Al 19' un brutto lavoro della Roma libera Cavani che in pallonetto colpisce la traversa, mentre al 26' trova un reattivo di Mirante.
Nella Roma sono pericolosi sempre i due calciatori di cui sopra, prima con un colpo di testa e poi con una conclusione che trova pronto De Gea.
L'armeno ancora una volta neutralizzato al 42', ma nel frattempo lo United era passato in vantaggio con Cavani: liberato in contropiede batte l'estremo difensore romanista con il destra, portando il risultato complessivo tra andata e ritorno sul 7-2.

Questa sera, all’Olimpico, il motto “nothing is impossible” risuonerà nella mente della Roma che, nonostante una rimonta alquanto improbabile, farà comunque del suo meglio per onorare la sfida contro il Manchester United.
All’andata gli inglesi, favoriti per la vittoria finale, hanno travolto 6-2 i giallorossi che, per qualificarsi, dovrebbero vincere con un secco 4-0.

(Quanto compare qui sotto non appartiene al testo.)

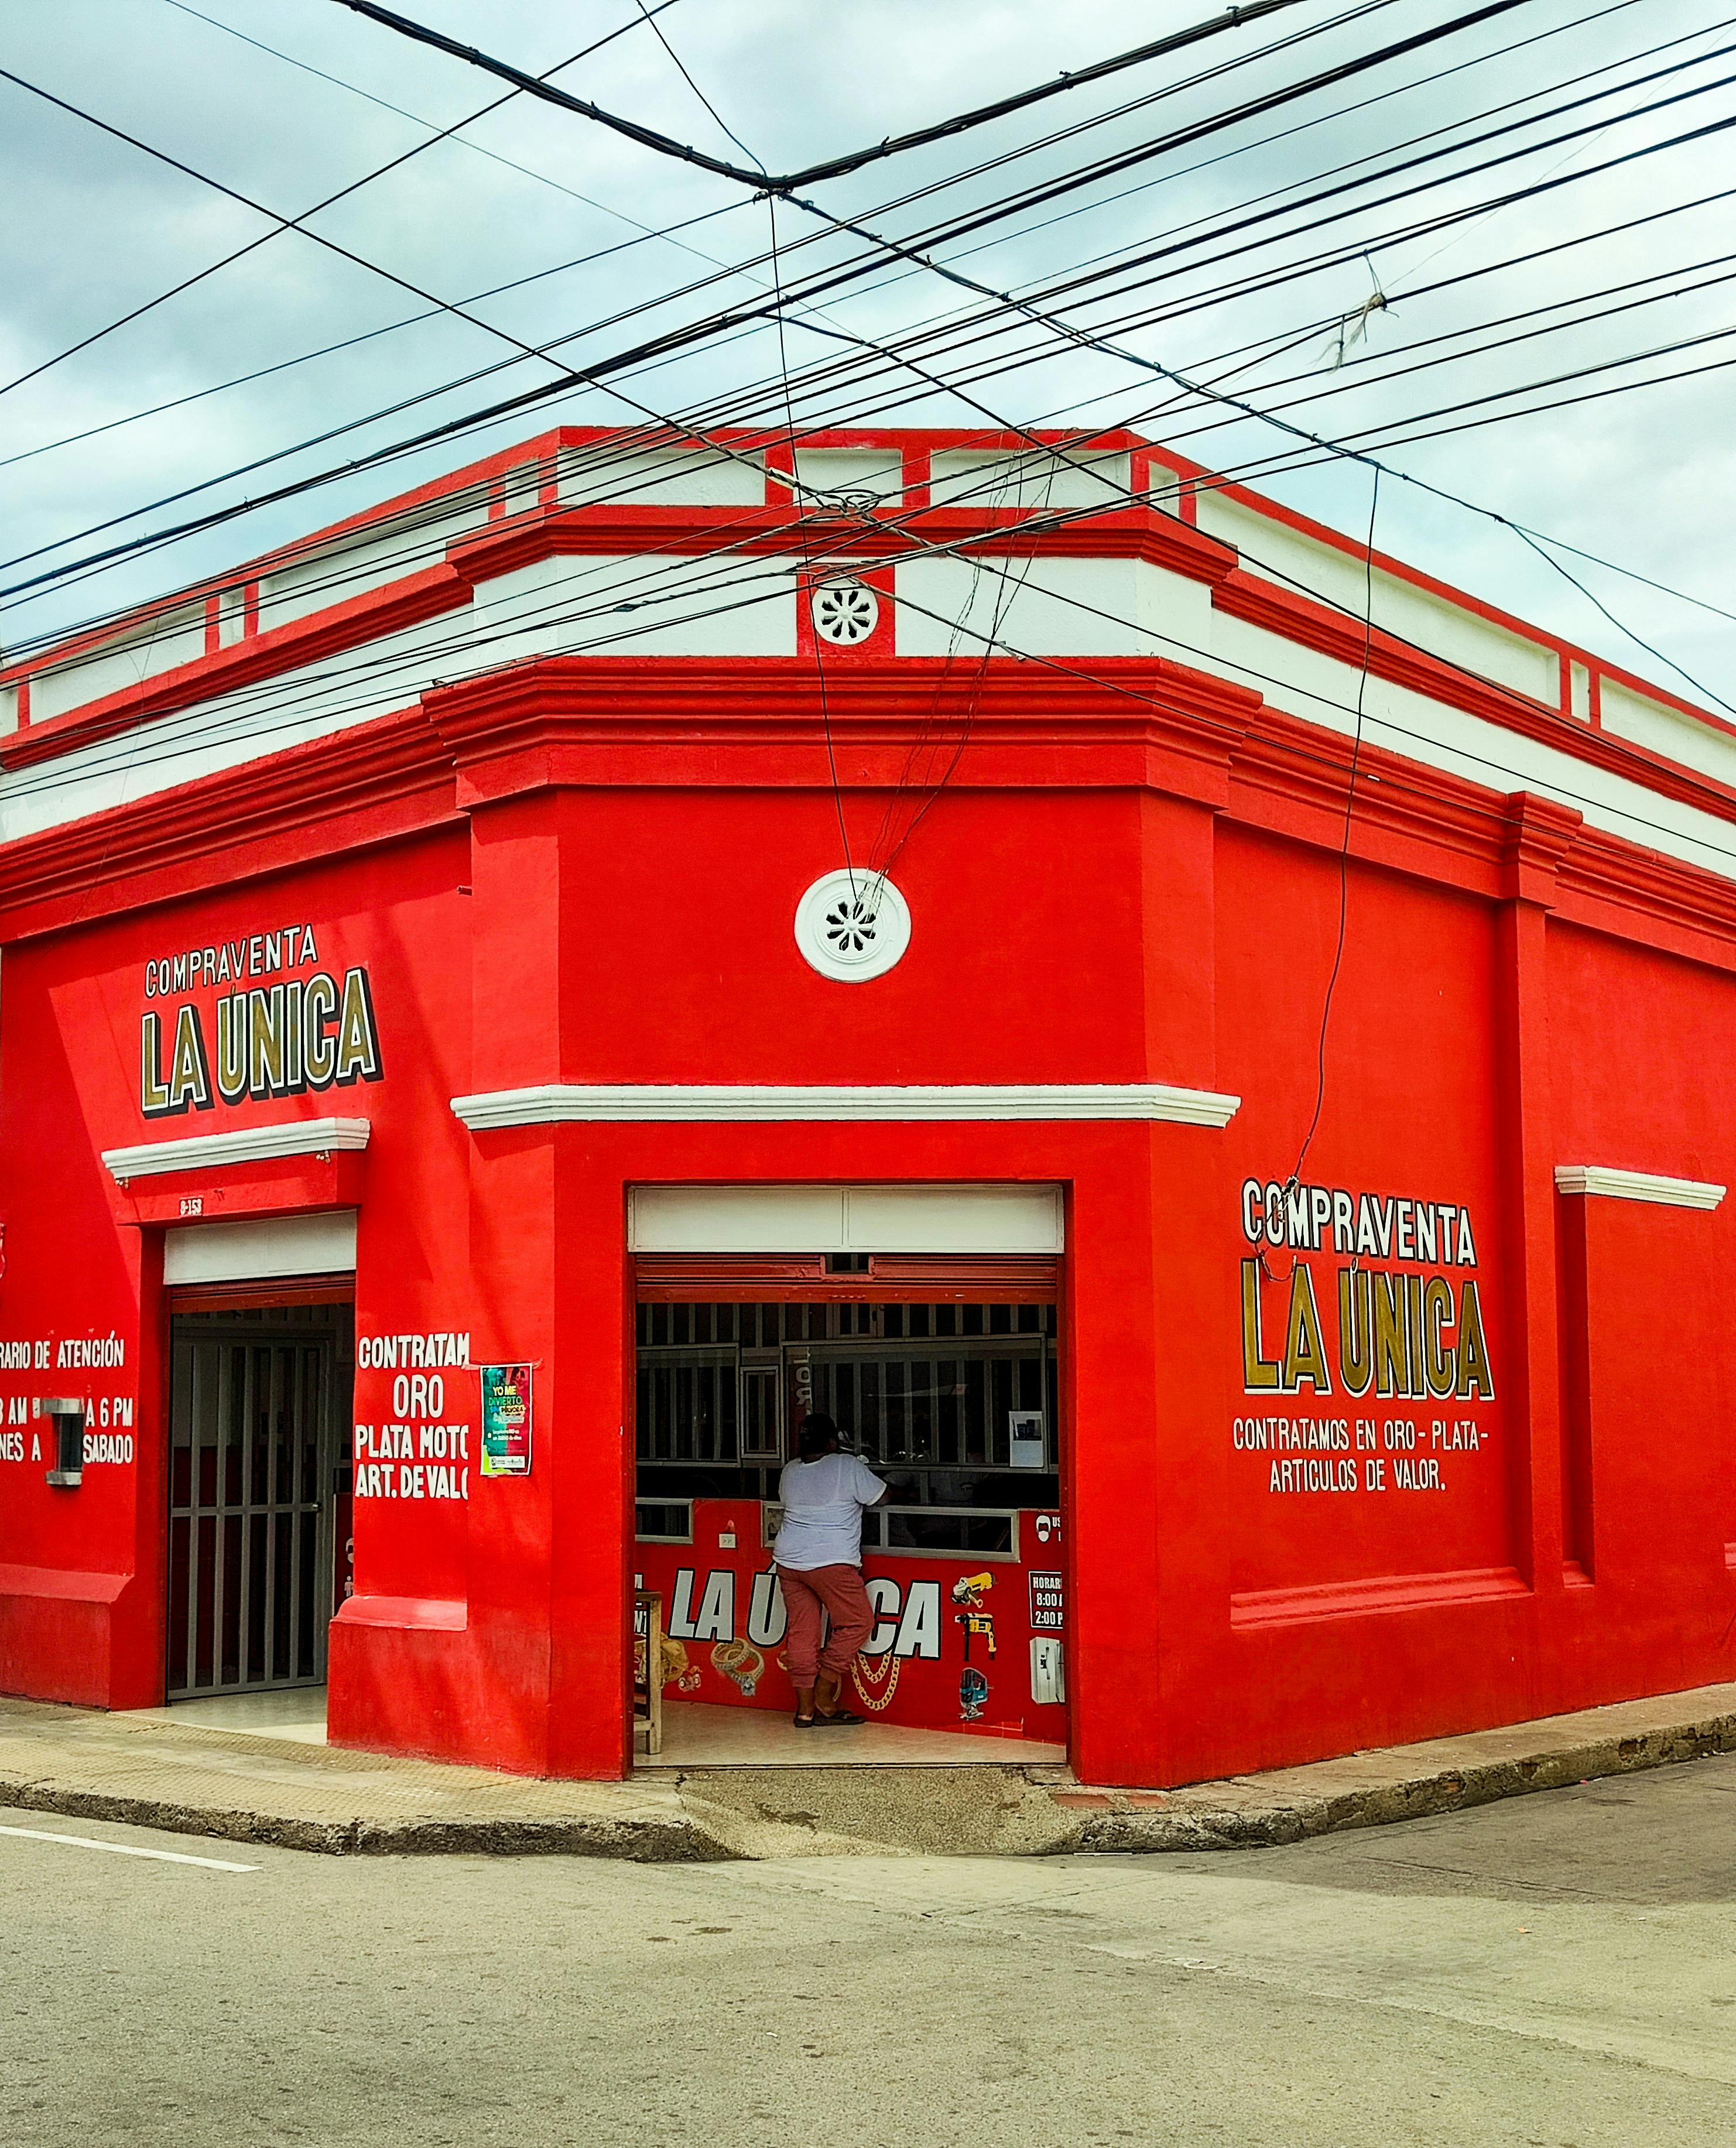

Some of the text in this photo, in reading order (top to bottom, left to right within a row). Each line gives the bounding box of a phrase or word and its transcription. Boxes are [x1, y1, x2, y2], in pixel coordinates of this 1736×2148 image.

Malgrado le numerose assenze Fonseca schiererà la formazione migliore: Mirante in porta; Smalling, Mancini e Ibanez in difesa; sulle fasce Karsdorp e Peres e in mezzo Cristante e Pellegrini; in attacco Mkhitaryan, Mayoral e Dzeko.
I giallorossi, quindi, si affidano ai propri leader, in particolare al neopapà Lorenzo Pellegrini, sul quale negli ultimi giorni sono piovute critiche molto pesanti che allo stesso giocatore non hanno fatto per nulla piacere.
La sagoma di José Mourinho, annunciato come l’allenatore della prossima stagione, aleggia su Roma, mentre a Fonseca spetta l’arduo compito di non concludere questo cammino europeo con l’ennesima umiliazione.